The release of Anand Mohan at the behest of Nitish Kumar is being seen as a bid to capture the Rajput votebank ahead of the next election. India’s remission policy definitely needs a rethink. We can’t just free killers
It is appalling that Bihar chief minister Nitish Kumar has released Anand Mohan, mafia don-cum-politician, after serving 15 years in jail for the murder of an Indian Administrative Service (IAS) officer. He was released not because he is very old, suffering from some incurable disease, or has served a terribly long time already.
Rather, he is being released prematurely for an advantage in the next election. Mohan is still viewed as a Rajput political hero who can win a lot of votes. This gross misuse of the mercy system cries out for reversal by the courts.
The sentence remission rules in Bihar allowed the release of those that had served 14 years but had a clause prohibiting the release of anybody that had murdered a public servant on duty. Nitish amended this clause to release Mohan. This is sordid, cynical politics at its worst.
Last August, I wrote that I was ashamed of being an Indian because the 11 killers who were convicted of gangraping Bilkis Bano and slaughtering her family in the 2002 riots were granted remission by the Gujarat government. Not just that, the released convicts were felicitated and garlanded. But now Nitish, supposedly the great moral opponent of the Bharatiya Janata Party (BJP), has followed suit. I am too numb with horror to feel shame anymore.
Nitish came to office on a platform of ending the gangster-politician nexus of the Lalu Yadav era. He cracked down on gangsters in his first term and was rewarded with public adulation and repeated re-election. Now, he has joined hands with Lalu’s party and is reported to happily flirt with the very mafia he once jailed.
His reputation as a rare politician of principle lies shredded. He has married and divorced political partners so often that nobody knows what exactly he stands for. Not long ago, some liberals regarded him as a secular hero worthy of heading a morally upright Opposition front to combat the BJP. Today that sounds farcical.

Anand Mohan is being released prematurely for advantage in the next election…this gross misuse of the mercy system cries out for reversal by the courts

The world over, murderers are typically condemned and ostracised regardless of their other achievements or followers. This indeed was one reason murderers, who used to be hanged in earlier times, are increasingly released after spending some decades in jail: Mercy was viewed as appropriate since the killers would supposedly carry the shame and taint of crime all their lives.
That assumption seems to have no basis in India. Some murderers remain heroes to their caste, community, or political party regardless of their crime. Far from being ostracised, they are greeted by adoring crowds when released. Those deserving the noose get garlands instead. In consequence, cynical politicians have started releasing them as soon as possible, ostensibly as an act of mercy but actually for political advantage.
Thousands of supporters had gathered to greet Anand Mohan at his scheduled time of release. But the uproar over his release had embarrassed the government.
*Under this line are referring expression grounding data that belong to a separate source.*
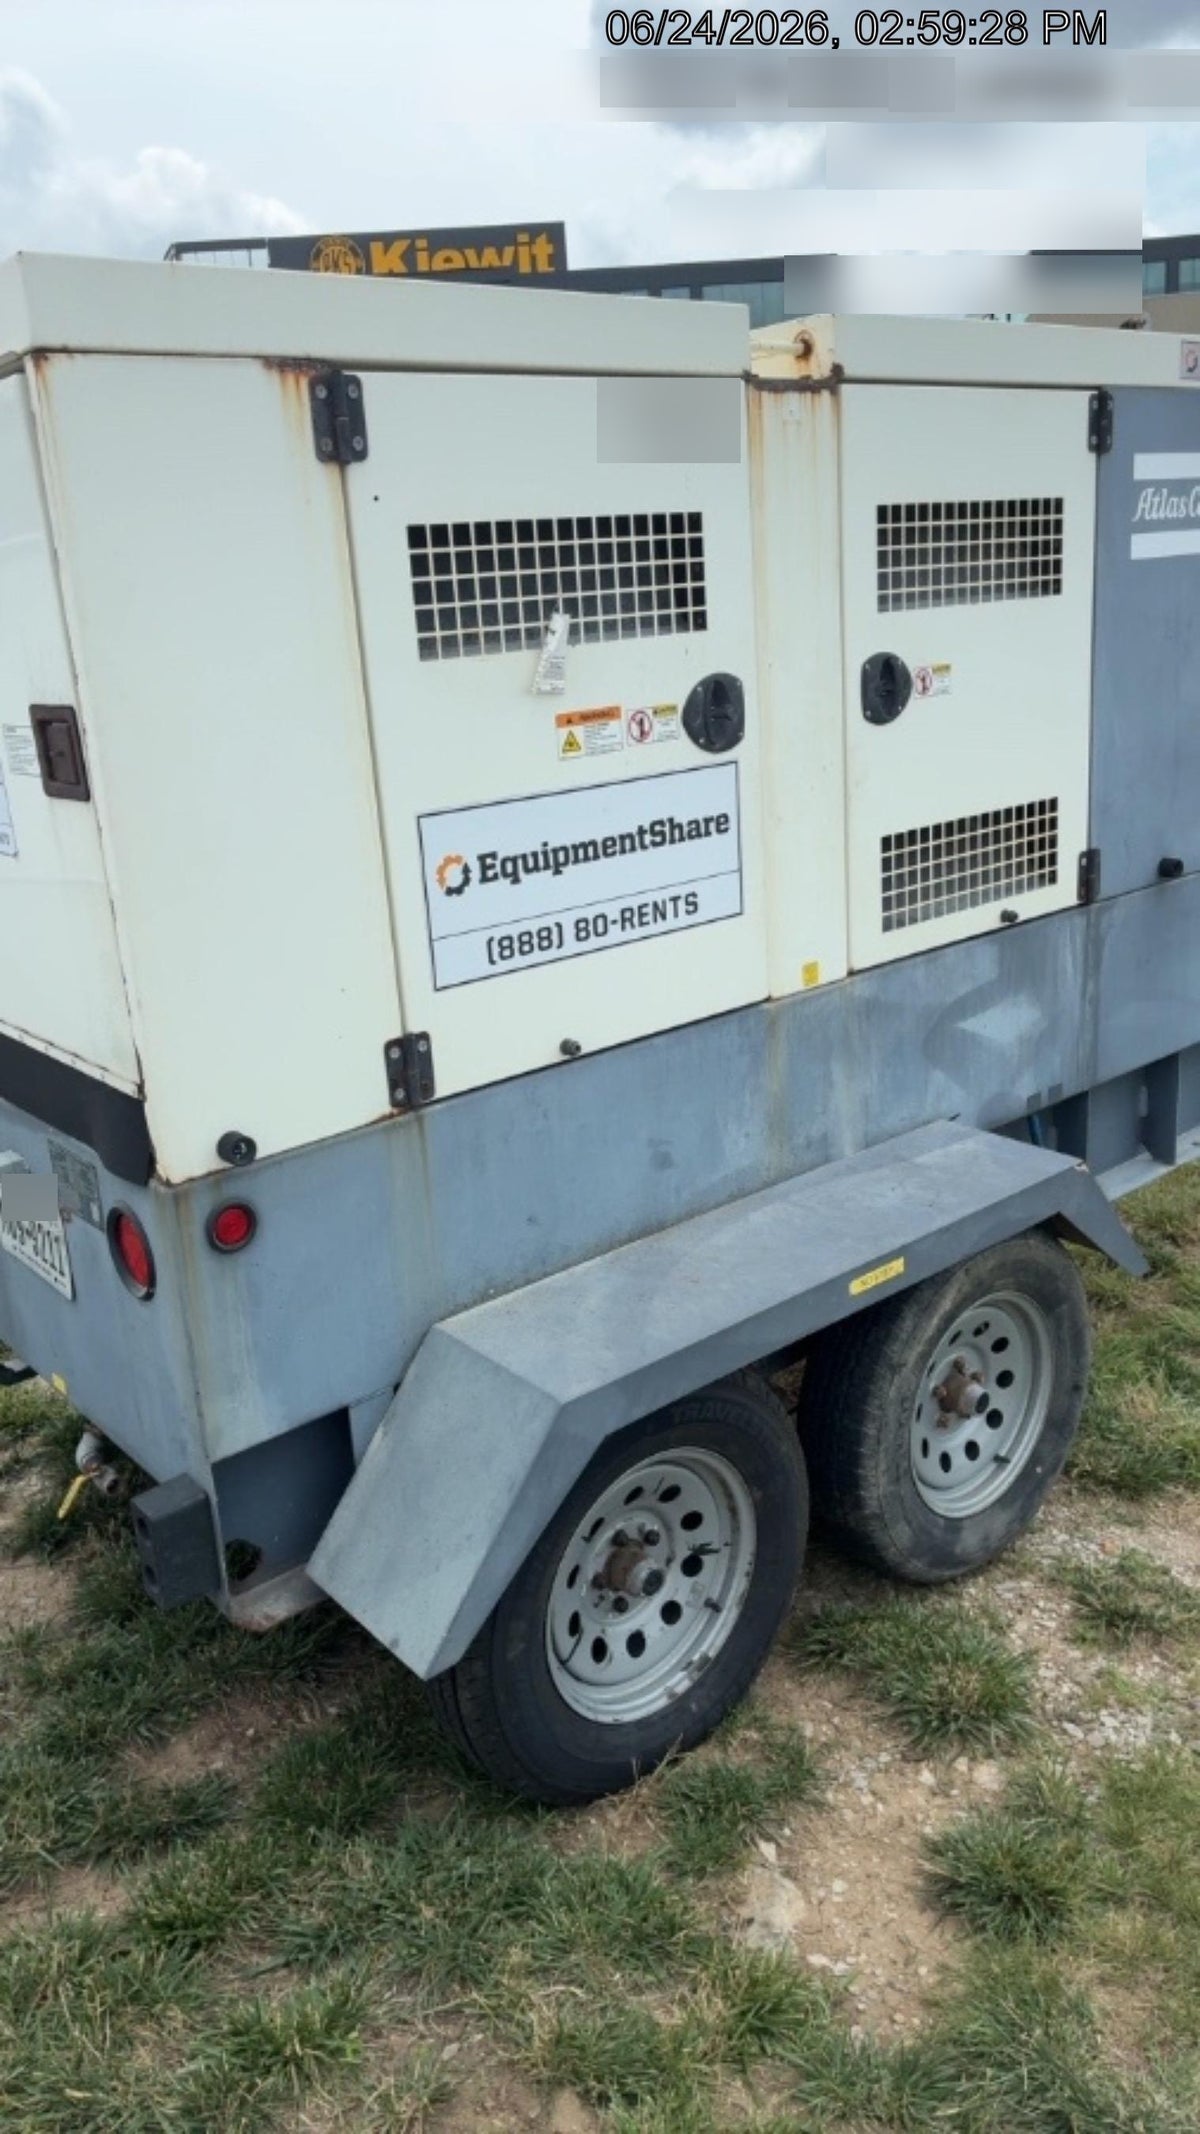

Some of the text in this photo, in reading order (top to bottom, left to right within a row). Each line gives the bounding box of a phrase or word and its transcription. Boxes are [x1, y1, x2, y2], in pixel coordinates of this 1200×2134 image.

[370, 234, 555, 274] Kiewit
[476, 812, 730, 885] EquipmentShare
[486, 891, 699, 965] (888) 80-RENTS
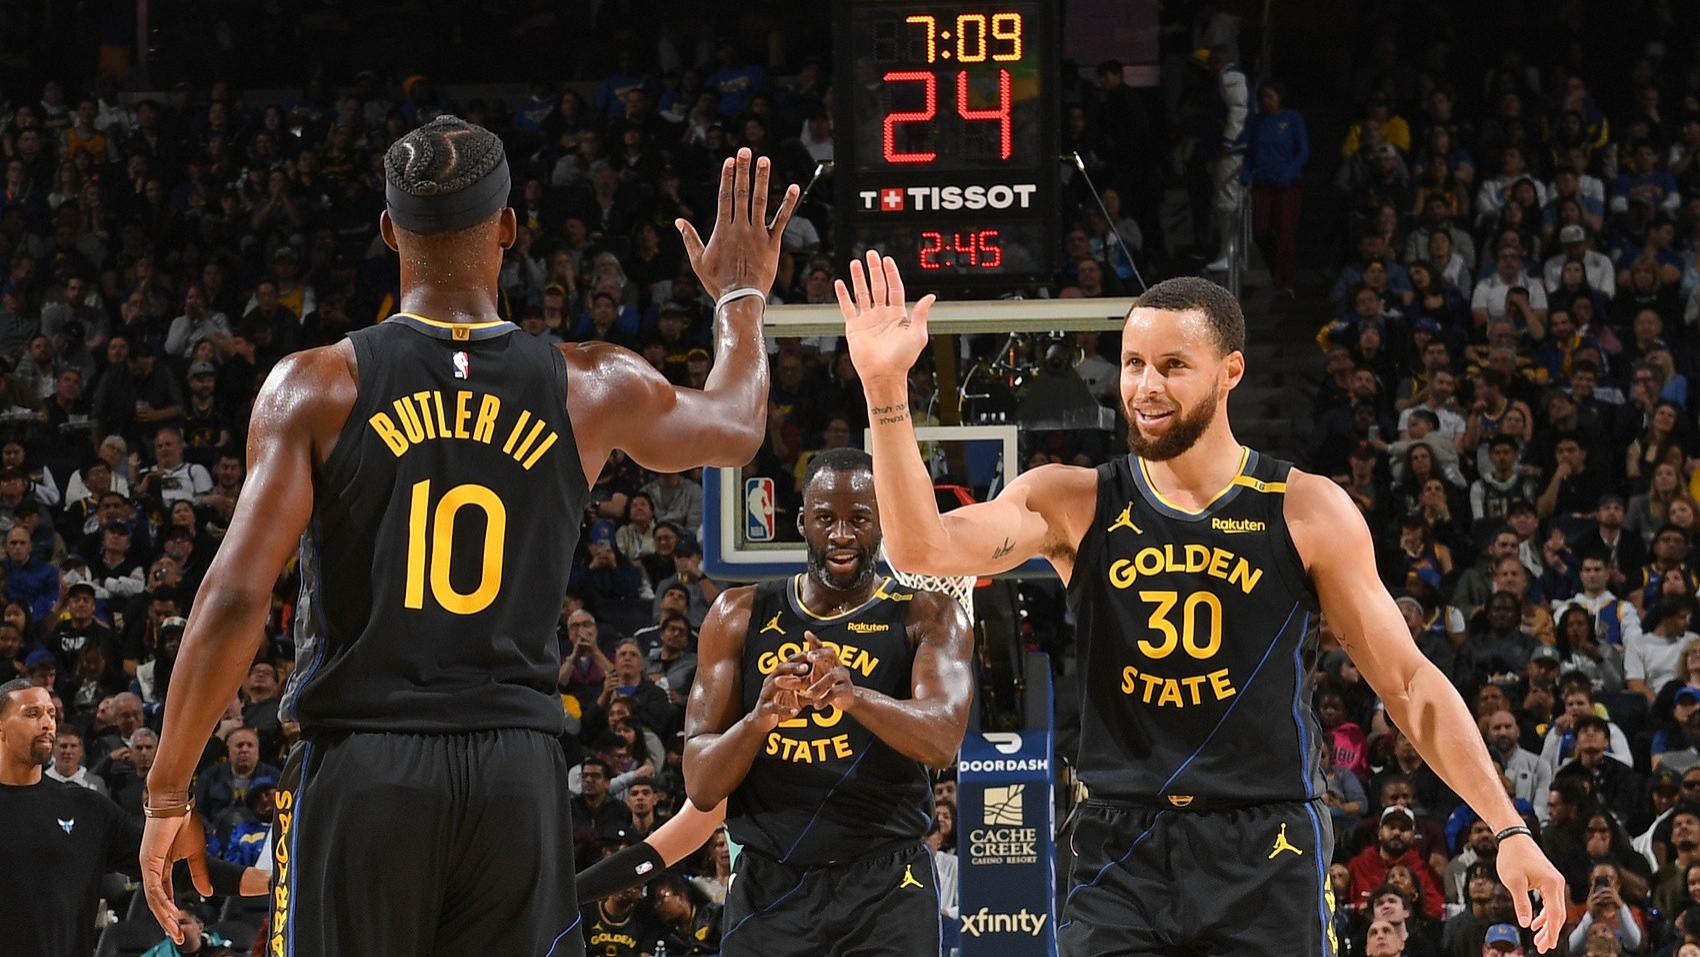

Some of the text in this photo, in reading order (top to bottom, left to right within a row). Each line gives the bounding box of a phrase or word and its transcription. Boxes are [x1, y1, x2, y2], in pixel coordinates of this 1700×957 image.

[906, 13, 1021, 63] 7:09
[883, 69, 1011, 164] 24
[907, 184, 1037, 211] TISSOT
[920, 230, 1002, 269] 2:45
[368, 390, 559, 471] BUTLER III
[1212, 518, 1266, 532] Rakuten
[404, 478, 507, 615] 10
[1109, 544, 1263, 594] GOLDEN
[847, 622, 889, 632] Rakuten
[1137, 591, 1222, 659] 30
[1121, 666, 1236, 708] STATE
[766, 732, 853, 763] STATE
[960, 759, 1048, 772] DOORDASH
[969, 828, 1037, 842] CACHE
[969, 842, 1038, 856] CREEK
[271, 790, 293, 957] ARRIORS
[971, 856, 1038, 865] CASINO RESORT
[960, 907, 1047, 937] xfinity
[591, 933, 637, 948] GOLDEN
To avoid being seen openly promoting hero worship of a killer, Anand Mohan was released at 4am with nobody in sight, and whisked out of the state. Nitish hopes this will reduce the anguish of his liberal supporters while still gaining Rajput votes.

The Supreme Court must be petitioned to set limits on the discretion of state governments to release convicts

History shows that many people have been wrongly convicted and hanged for murder. Banning executions can end the gross injustice of innocents being hanged. I support the Indian system where execution is forbidden save in the most heinous cases, and life imprisonment is the rule.
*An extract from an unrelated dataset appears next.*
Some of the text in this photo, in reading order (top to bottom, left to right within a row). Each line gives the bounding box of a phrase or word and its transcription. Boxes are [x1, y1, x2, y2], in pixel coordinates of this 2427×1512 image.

But what about releasing prisoners after 14 years on the ground that they have repented, reformed, and suffered enough? This rule must change. Does anybody believe that dons repent and become exemplary citizens after 14 years in jail, and so should be released? Releasing convicted killers prematurely can be an outrageous injustice. Just consider the injustice to Bilkis Bano and the widow of the killed IAS officer.
Fourteen years is much too short a term for releasing killers. Dons have shown that they can continue running criminal enterprises even from jail. Politicians can continue to be powerful, operating through their spouses and other relatives.
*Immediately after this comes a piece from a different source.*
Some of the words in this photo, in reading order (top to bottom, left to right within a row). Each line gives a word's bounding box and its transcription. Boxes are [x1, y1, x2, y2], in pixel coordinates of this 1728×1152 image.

The Supreme Court must be petitioned to set limits on the discretion of state governments to release convicts. For convicted killers that have an established political or criminal record, the minimum period of imprisonment before release should be 30 years. That will not exhaust the power of killers operating out of jail. But it will at least ensure that the families of those killed get some justice for the tragedy inflicted on them. And it will reduce the cynical release of killers for political profit.